++++ RAW DATA
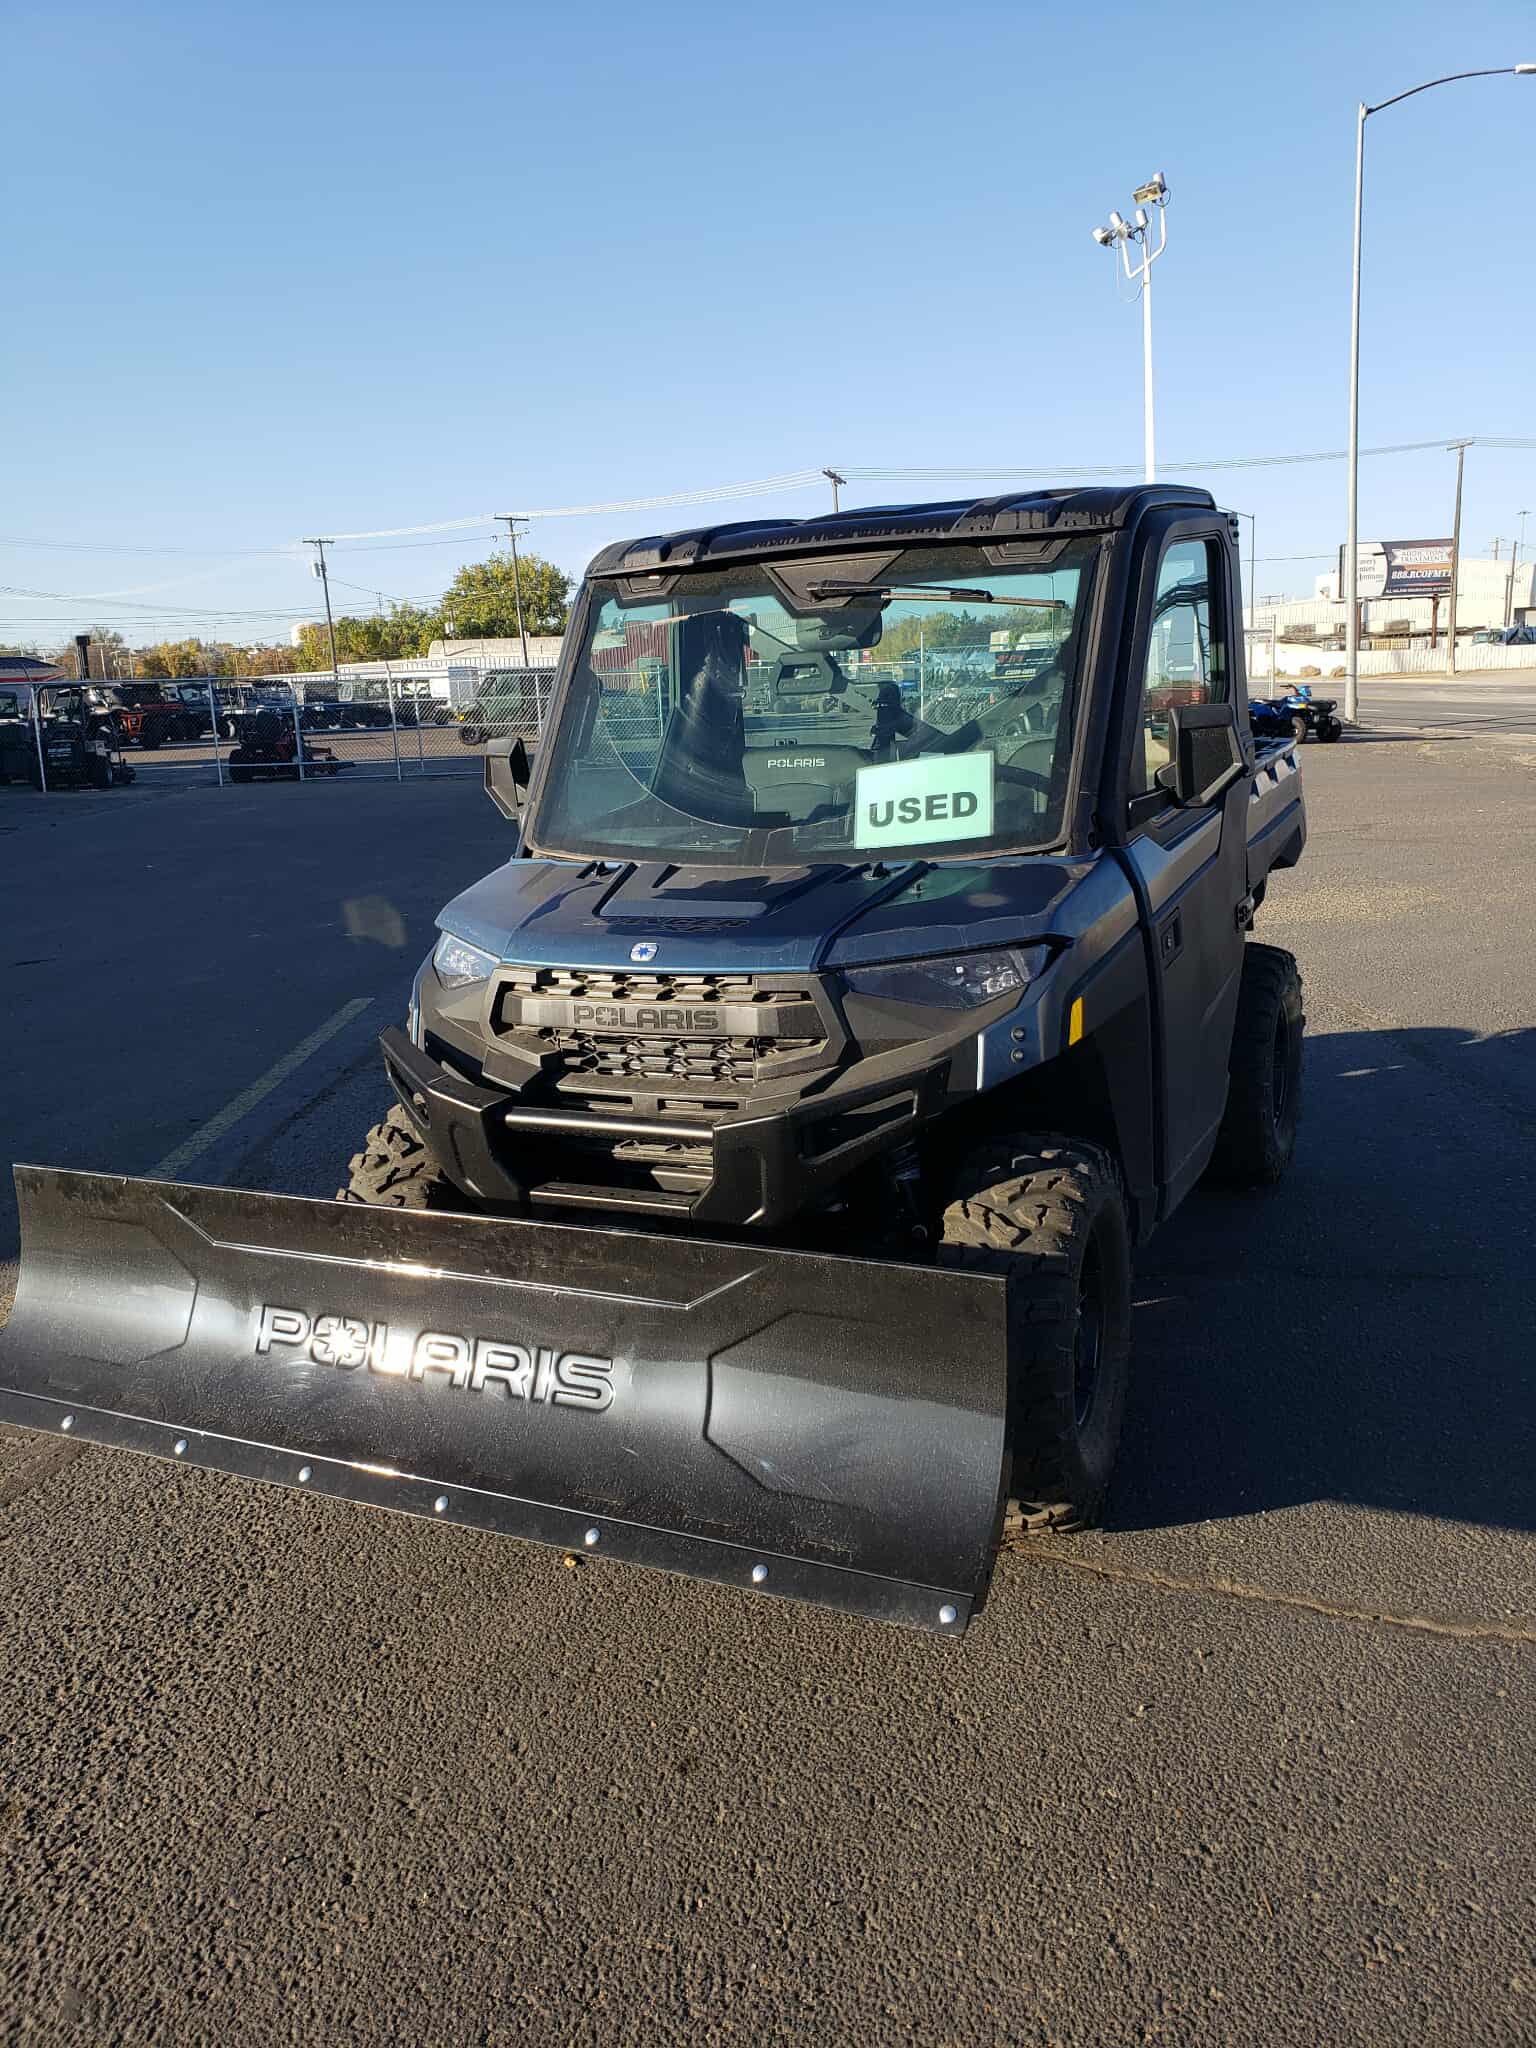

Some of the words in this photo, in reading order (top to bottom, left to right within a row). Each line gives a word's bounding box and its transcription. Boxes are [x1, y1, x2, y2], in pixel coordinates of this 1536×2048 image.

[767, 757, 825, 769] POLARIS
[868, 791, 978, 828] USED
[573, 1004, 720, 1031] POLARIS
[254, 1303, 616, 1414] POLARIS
++++++++
• [DESCRIPTION OF THE TASK]: Copy the entries precisely, images excluded.

• [ANSWER TO THE EXERCISE]:
Some of the words in this photo, in reading order (top to bottom, left to right within a row). Each line gives a word's bounding box and its transcription. Boxes are [x1, y1, x2, y2], in pixel coordinates of this 1536×2048 image.

[767, 757, 825, 769] POLARIS
[868, 791, 978, 828] USED
[573, 1004, 720, 1031] POLARIS
[254, 1303, 616, 1414] POLARIS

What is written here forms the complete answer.